Elas andavam frenéticas.
Subiam pelas ondulações do corpo inerte e indefeso. Queriam encontrar morada na deslizante pele alva. Subiam e desciam os imensos obstáculos. Terra inabitada e sem pulsações e fria. Frio era o seio tácito, invadido pelas alpinistas negras. Elas tinham calafrios que subiam pelas patas até as antenas. Queriam saber daquele monte estendido e retorcido, jogado e indefeso. Queriam encontrar a escuridão, lugares cavernosos, sombrios e etéreos. Eram muitas, muitas cabeças e patas pegajosas. O corpo nu jogado na mata começou a se movimentar, lentamente, levados por milhares de formigas, elas buscavam forças descomunais para carregar mais de 50 quilos nas costas. Cambaleavam como bêbadas, não paravam.
Elas começaram a explorar o corpo estranho, entravam pelos buracos labaredas da languidez daquela inexistência. Lá se encontrava, como uma raiz exposta, arrancada da terra árida e rachada pelo sol oxidante, sua luz jogada na pele pintada de branco se fazem sombras almiscaradas pela presença de matos amassados e pisoteados, com um sopro de um raio raivoso o fogo se alastra incansável pelo campo sequioso.
Era um ambiente planalto, de árvores anãs, não passavam de um metro, o fervilhar das labaredas solares refletiam nas cascas lascadas das árvores e nas folhas lisas e de um verde brando que tartamudeia nas imperfeições do local. Como um tratactus lógico-philosophicus, aquela antimatéria evocante da matéria, rodeada de corpos estranhos e velozes, caminhantes milenares percorrendo o planeta entre labirintos espinhosos, consumidos de folhas e raízes profundas de terras lendárias e invisíveis. Tempo e espaço se misturam e fora e dentro desta incompreensibilidade da história destes seres alienígenas. As formigas eram seres faunos atônitos, viviam tocando tambores nas noites frias ao lado das ninfas, somente nas noites opacas e sem estrelas e sem lua. Noites porosas e gementes desciam finas e agudas nas entrâncias dos galhos desérticos, dos matos semimortos e entravam pelas aberturas trincadas do planalto seco, pelas terras arenosas e cobriam com seu tecido as sombras do sol de dores e cócegas nas costas adornadas de lantejoulas e antenas conectadas ao extrauniverso e mirabolantes e caleidoscópicas.
A nudez coubertiana daquela mulher de mamilos amparados de insignificâncias, jogada pela impermeabilidade de sua metempsicose desmoitou a calmaria do ambiente, com seus pelos pubianos esvoaçantes ao sabor de Zéfiro, levou à diapasão as formigas. Ah, os rituais destes seres sugavam as raízes das mandrágoras. Todas ficavam em circunferências após se satisfazerem e se deliciarem com a bebida do diabo. Na noite fria e alcaloide se transformava em gritos e urros e brilhos intensos dos olhos e antenas das formigas. Descontroladas, começaram a subir e descer no corpo da ninfa morta e branca, acreditavam que era uma ninfa, ao rastrear aquela pele lisa e fina como um bisso ou como uma teia de aranha. Tinha um corpo bordado com delicadas linhas.

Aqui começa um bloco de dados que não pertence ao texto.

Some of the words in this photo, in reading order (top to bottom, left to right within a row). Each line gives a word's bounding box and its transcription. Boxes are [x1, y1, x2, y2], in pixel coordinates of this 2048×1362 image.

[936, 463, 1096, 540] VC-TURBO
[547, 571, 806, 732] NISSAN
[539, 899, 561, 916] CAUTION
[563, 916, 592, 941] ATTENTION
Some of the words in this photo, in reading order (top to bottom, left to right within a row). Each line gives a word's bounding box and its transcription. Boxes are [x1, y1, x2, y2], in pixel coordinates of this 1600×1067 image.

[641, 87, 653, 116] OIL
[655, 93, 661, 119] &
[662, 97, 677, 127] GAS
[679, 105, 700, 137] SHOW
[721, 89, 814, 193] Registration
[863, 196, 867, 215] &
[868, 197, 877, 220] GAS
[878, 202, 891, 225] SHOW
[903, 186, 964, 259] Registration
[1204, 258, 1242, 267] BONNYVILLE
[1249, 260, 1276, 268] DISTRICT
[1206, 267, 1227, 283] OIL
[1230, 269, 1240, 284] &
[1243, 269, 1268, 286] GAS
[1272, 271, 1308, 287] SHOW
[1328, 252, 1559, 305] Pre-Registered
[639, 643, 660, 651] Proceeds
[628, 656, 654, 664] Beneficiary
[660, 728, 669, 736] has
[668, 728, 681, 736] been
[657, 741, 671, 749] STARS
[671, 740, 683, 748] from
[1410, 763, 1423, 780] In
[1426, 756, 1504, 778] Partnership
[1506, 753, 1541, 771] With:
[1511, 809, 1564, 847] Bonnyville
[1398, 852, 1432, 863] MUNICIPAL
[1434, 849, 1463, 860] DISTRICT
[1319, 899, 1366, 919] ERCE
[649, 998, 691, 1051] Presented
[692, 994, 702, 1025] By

Inebriadas e encarnadas pela incompletude do devir, começaram a regurgitar sobre o corpo. Alucinadas, despejavam o líquido bebido das raízes das mandrágoras. Aos poucos a ninfa estava toda envolvida com uma nódoa monocolorida e viscosa, que escorria em todas as partes daquele corpo. Ah, blaue blume! Ah, blaue blume! Tudo se desintegrou! Momentos depois do transe, a terra, a noite e todos os seres visíveis e invisíveis se aquietaram e o silêncio se fez. As luzes e as sombras começaram a aparecer e a noite se desfazer. O corpo nu da mulher alva não estava mais lá. Havia uma enorme raiz imergindo, uma raiz de mandrágora. Queria aprofundar-se, rasgar a carne da terra e respirar pelas veias húmus.
As formigas, todas as noites sem sombras, dançavam em redor da mandrágora e sugavam seu suco e gritavam alucinadas para o vácuo da noite.